People v. Spiegel, 220 Ill. App. 129 (1920)

Nov. 30, 1920 · Illinois Appellate Court · Gen. No. 25,836
220 Ill. App. 129

The People of the State of Illinois, Defendant in Error, v. Max Spiegel, Plaintiff in Error.

Gen. No. 25,836.

1. Husband and wife, § 272 * —when husband is criminally liable for nonsupport. The Act of 1915 (Callaghan’s 1916 Stat. ¶ 3444), providing for the punishment of a husband who neglects and refuses to support and maintain his wife, contemplates that the support due the wife must be required and rendered in Illinois.

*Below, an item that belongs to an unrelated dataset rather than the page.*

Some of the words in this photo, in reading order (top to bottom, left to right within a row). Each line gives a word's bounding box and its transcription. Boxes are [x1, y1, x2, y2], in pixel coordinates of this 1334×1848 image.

2. Husband and wife, § 275*—when judgment for nonsupport is erroneous. In a prosecution of a husband under the Act of 1915 (Callaghan’s 1916 Stat. ¶ 3444) for neglect and refusal to support his wife, where the evidence in the record indicates that defendant left his wife in New York, where they were then living and that she did not know his whereabouts until 6 or 7 months before the proceedings were instituted, and there is nothing to show that she notified him of her presence in Illinois or made any demand upon him for support before instituting proceedings, and the evidence also tends to indicate her intention to continue to reside in New York, a judgment finding defendant guilty will be reversed.

Error to the Municipal Court of Chicago; the Hon. Sheridan E. Fry, Judge, presiding. Heard in the Branch Appellate Court at the March term, 1920.

Reversed.

Opinion filed November 30, 1920.

L. A. Gilmore, for plaintiff in error.

Maclay Hoyne and Edward E. Wilson, for defendant in error.

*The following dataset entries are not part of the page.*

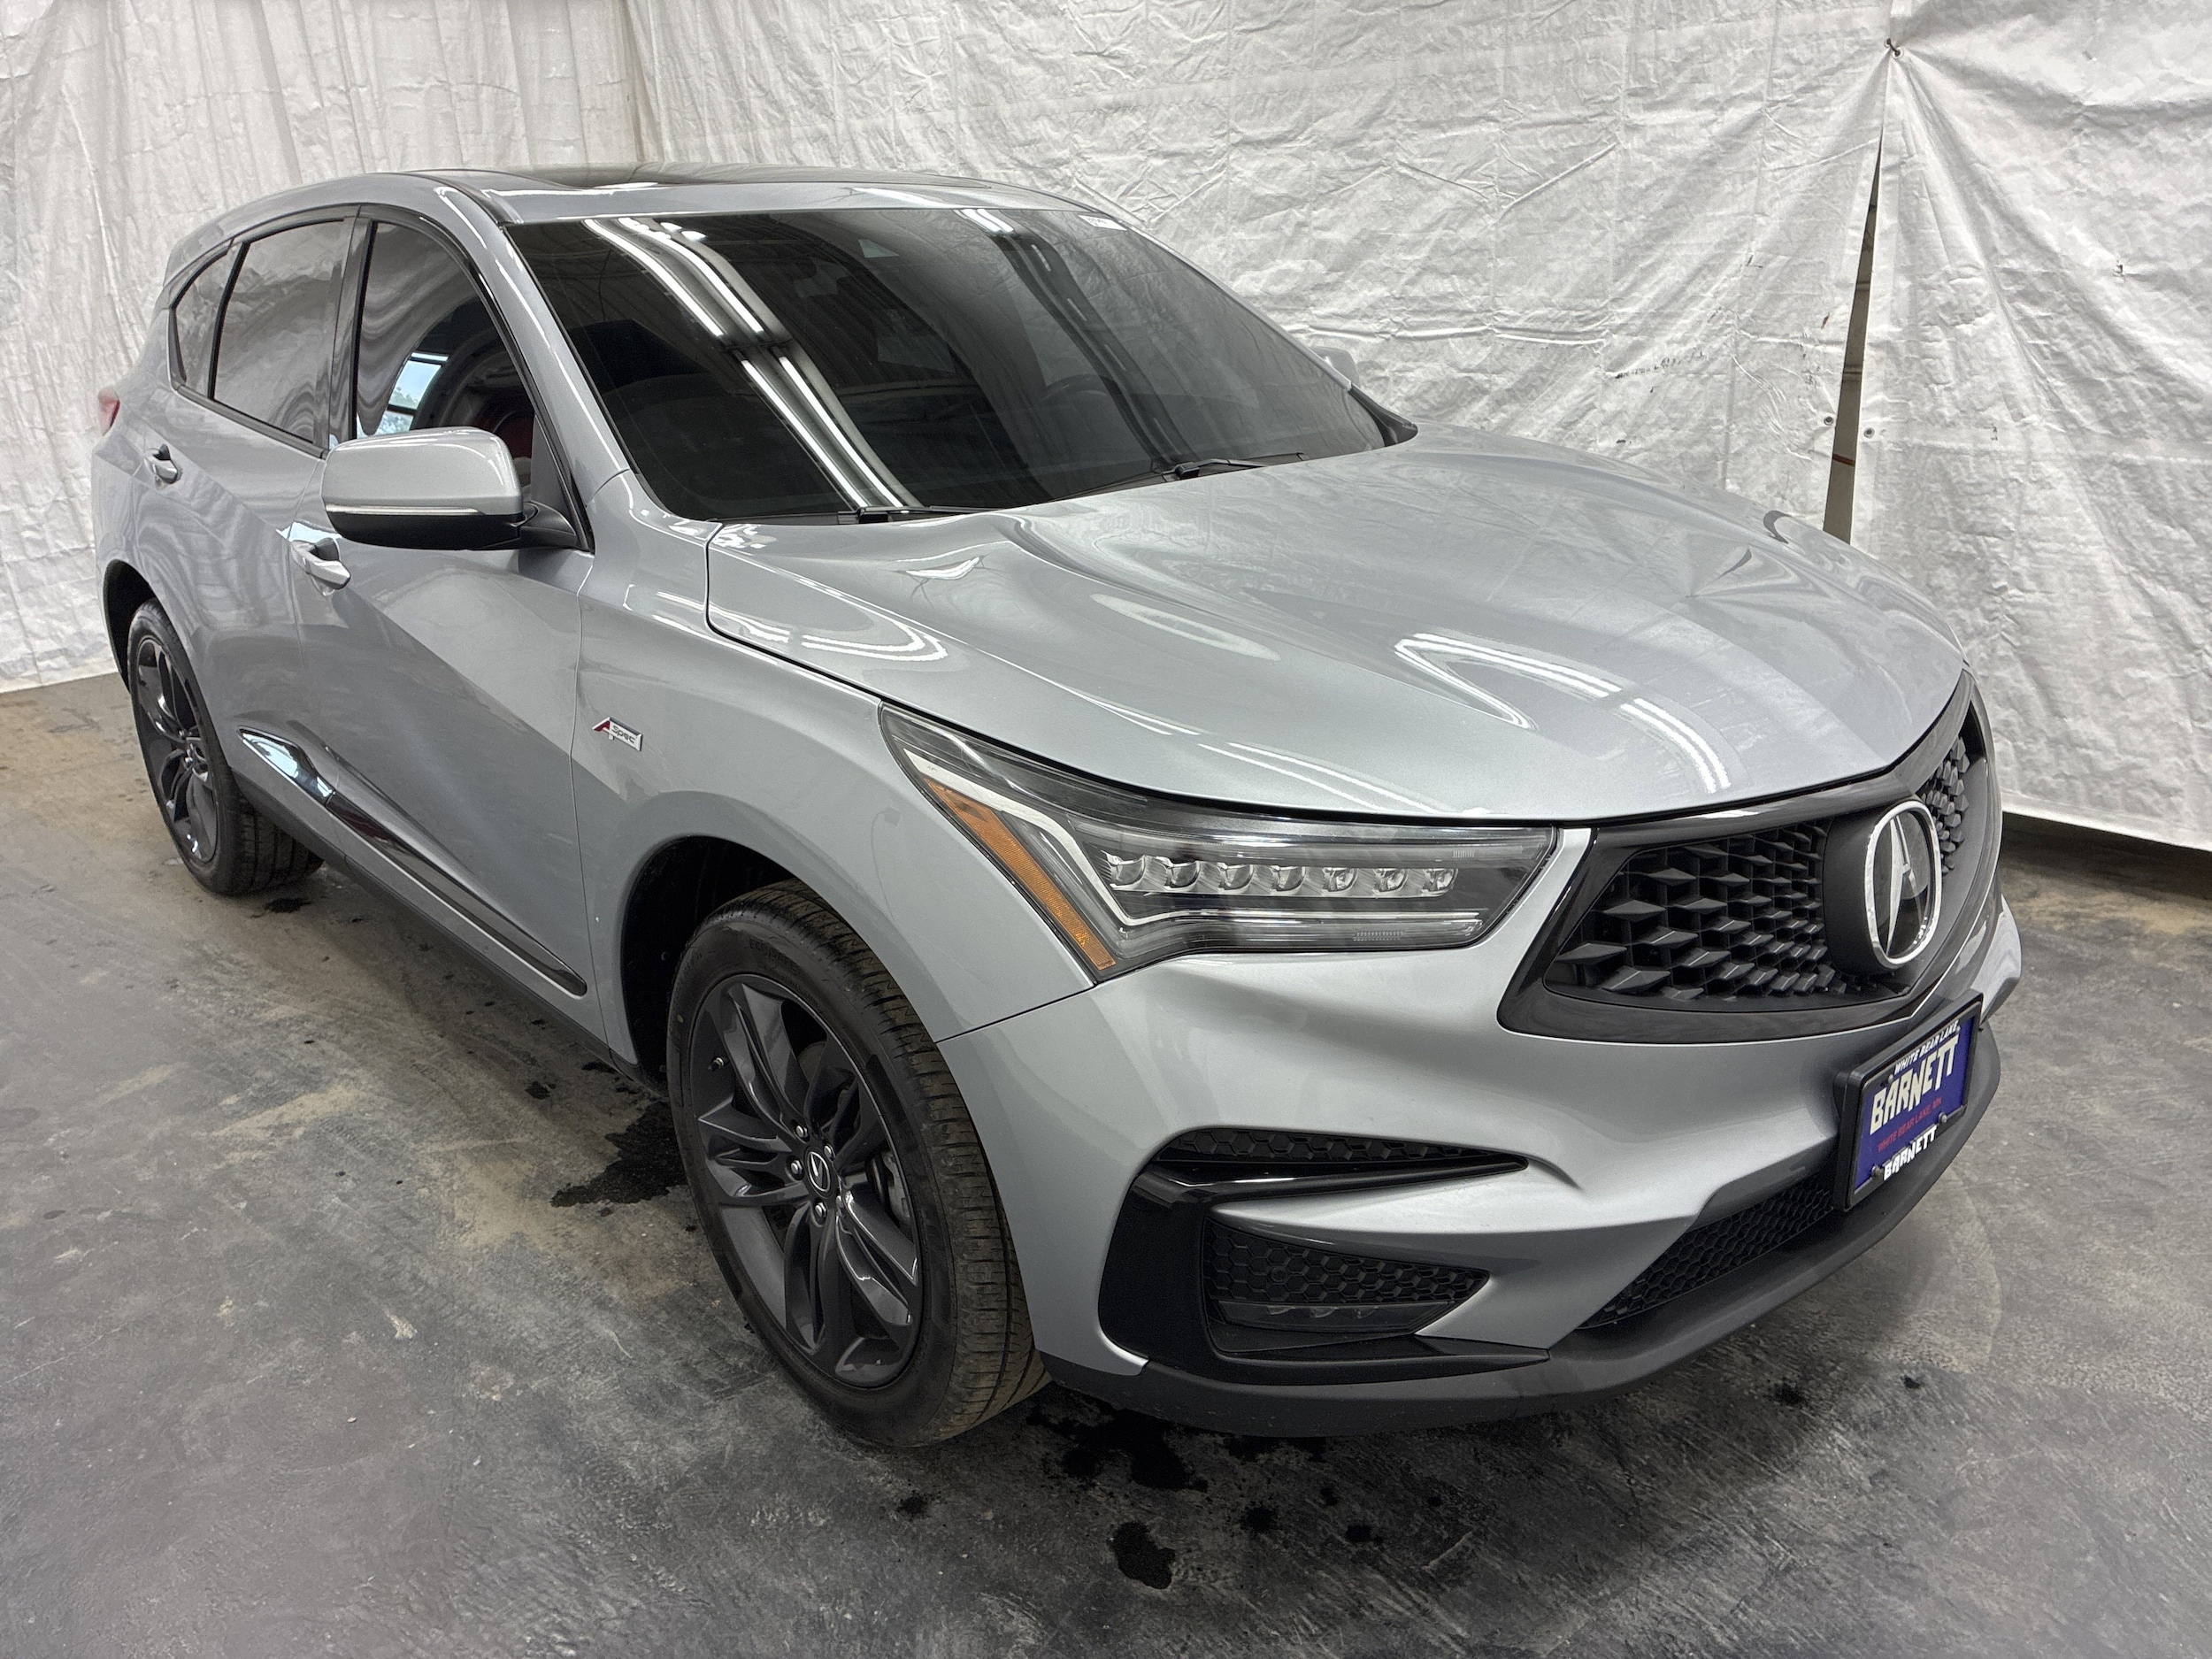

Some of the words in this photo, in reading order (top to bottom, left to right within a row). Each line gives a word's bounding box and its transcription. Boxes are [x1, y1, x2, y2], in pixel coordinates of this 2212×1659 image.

[1894, 1048, 1920, 1075] WHITE
[1919, 1034, 1940, 1058] BEAR
[1939, 1019, 1959, 1043] LAKE
[1870, 1033, 1960, 1136] BARNETT
[1878, 1131, 1898, 1153] WHITE
[1897, 1118, 1916, 1138] BEAR
[1884, 1125, 1938, 1181] BARNETT

Mr. Presiding Justice Barnes

delivered the opinion of the court.

Plaintiff in error was found guilty of neglect and refusal to support and maintain his wife, in violation of the Statute of 1915. (Callaghan’s 1916 Stat. ¶ 3444.) They were married in Hungary, came to the United States in 1889, and lived in New York until March, 1904, when he left her there with two minor *130children, came west, and has resided in Chicago since 1916.

She claims not to have known of his whereabouts since March, 1904, until within 6 or 7 months prior to the trial, when she learned he was in Chicago, and that she never'heard, nor received money from him in the meantime. He claims that shortly after he left New York he came to Chicago, obtained a position, furnished an apartment, wrote three letters to his wife, inclosing small sums of money, received a letter from her in November, 1904, which occasioned a suspension of any further communication between them, and admitted that he had been living with another woman since 1906.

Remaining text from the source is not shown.